The CT26lucA6c conditioned cell line was used to develop the syngeneic orthotopic murine model. To establish optimum imaging times, growth rate of primary tumours and frequency of metastatic disease, eight immune-competent BALB/c mice underwent orthotopic injection of the CT26lucAc6 cell line in the caecal sub-serosa. Primary tumours developed in five (63%) mice, with luminescent signal continuing to increase throughout the study period (Figure 4(a)).

Figure 4.

Figure 4.

Development of the syngeneic orthotopic model. (a) Representative IVIS® images following the caecal injection of CT26lucA6c cells in to BALB/c mice. Imaging was consistent with development of a primary tumour in the left iliac fossa of the mouse, with ectopic signal developing on day 17 in the right upper quadrant, consistent with a liver metastasis. (b) Results were combined as fold-change in luminescence for graphical display, confirming an increase in luminescence throughout the study period. (n = 5, graph displays mean +/− SEM). (c) Three-dimensional spectral un-mixing imaging can be useful for estimating the depth of luminescent signal within the mouse, suggesting luminescent signal arising from within the liver. Ex-vivo assessment confirmed the presence of a liver metastasis, with signal present in both the caecum and liver on IVIS® imaging. (d) Photograph and histology from a caecal carcinoma (marked by an asterisk (*)) excised 18 days after implantation. Histology confirmed tumour growth in the wall of the caecum, originating below the epithelium and invading into the muscularis. LI: lower intestine.

Due to the variation in signal at the first imaging point, subsequent luminescent values were expressed as the fold-change in luminescence. The study was ended on the 18th day post-implantation due to one mouse nearing the severity limits of the project licence due to symptoms of obstruction (Figure 4(b)).

One (20%) mouse developed ectopic signal consistent with the development of a liver metastasis and was subject to 3D imaging, which suggested that signal was present within the liver parenchyma. This was confirmed on necropsy, ex-vivo imaging and histologically. Mice with luminescent signal all had macroscopic primary tumours at necropsy. Primary tumours were confirmed to be poorly differentiated neoplastic growths of epithelial origin, displaying clear infiltrative behaviour (Figure 4(c) and (d)).

Establishing an optimum time for imaging after the injection of luciferin was more difficult in the orthotopic model. The timing of peak signal tended to vary between mice (ranging from 4–25 minutes) and the plateau period short, reflecting variations in blood supply to the tumour. Mice were therefore imaged every 2 minutes until luminescent signal fell and the highest signal used for analysis at each time point throughout the study.

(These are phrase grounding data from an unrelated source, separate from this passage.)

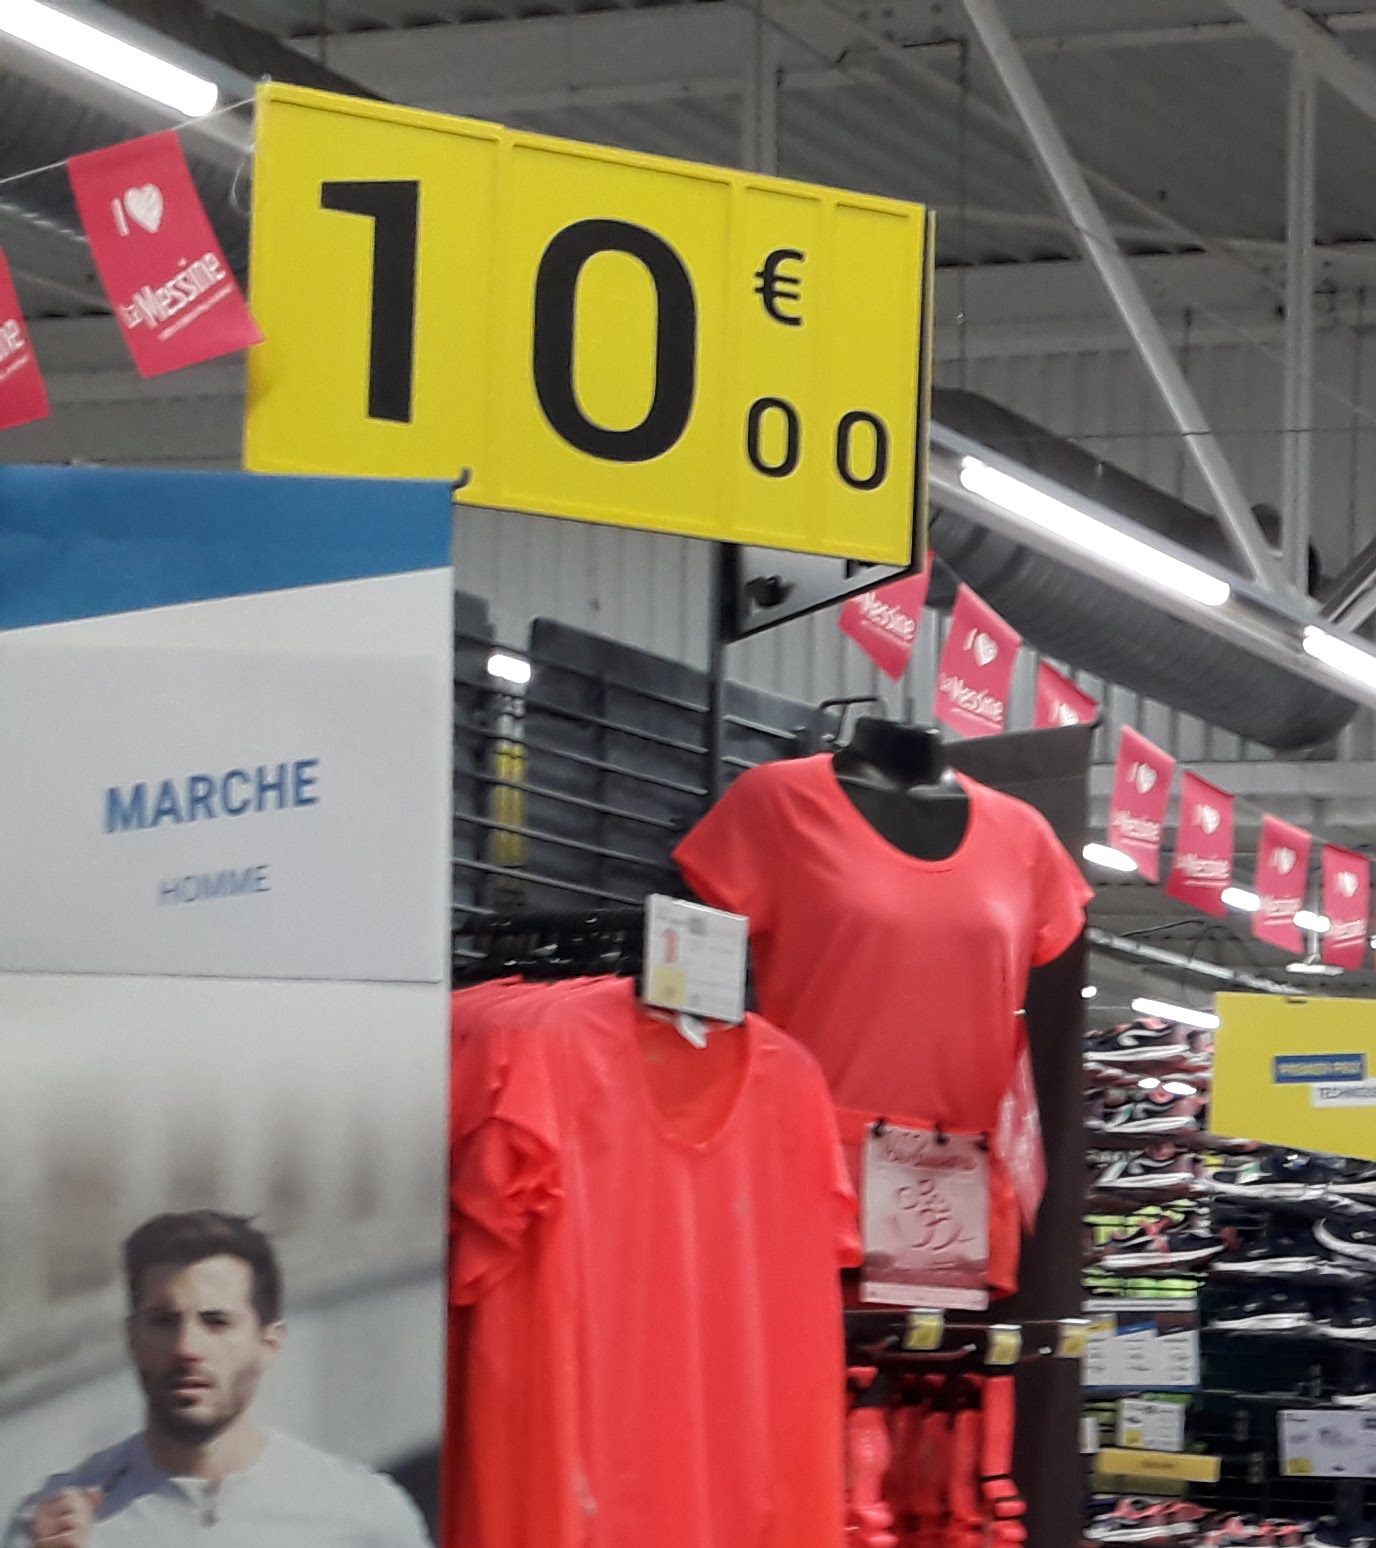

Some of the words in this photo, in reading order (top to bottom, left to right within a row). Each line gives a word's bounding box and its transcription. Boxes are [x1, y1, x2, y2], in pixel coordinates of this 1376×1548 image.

[132, 251, 226, 329] Messine
[318, 178, 700, 463] 10
[754, 249, 805, 327] €
[747, 397, 889, 492] 00
[103, 758, 320, 835] MARCHE
[159, 864, 271, 904] HOMME

Our group have performed the orthotopic implantation of CT26lucA6c cells on a total 68 immune-competent BALB/c mice. There has been no peri-operative morbidity or mortality. Primary tumours have developed in 44 (65%) mice and of these nine (20%) have developed liver metastases.

Discussion and conclusions

This paper describes the development of a syngeneic orthotopic metastatic murine model of CRC. This pilot study of the model allowed improvement of the injection technique, the establishment of imaging protocols and the determination of the ideal imaging frequency in addition to the tumour uptake rate, frequency of metastatic disease and duration of murine studies. As a direct, result future studies utilising the model followed a set protocol that included: the use of a lower cell count (4 × 105 cells), allowing the study period to be prolonged to 21 days; the warming of Matrigel-suspended cells at room temperature for 1 minute to increase the viscosity; the use of a fine insulin needle to prevent peritonitis in the event of accidental full-thickness puncture of the caecum; the use of the 7th day post-implantation as the first imaging time point, giving time for the tumour to become established, but reducing the variations in signal seen between mice at later imaging points; the use of kinetic imaging, improving comparisons between time points; and the expression of data as fold-changes from the initial luminescent imaging point, allowing each mouse to act as its own control. Imaging frequency was also increased to three times a week for murine experiments comparing treatment groups due to the rapid growth of tumours.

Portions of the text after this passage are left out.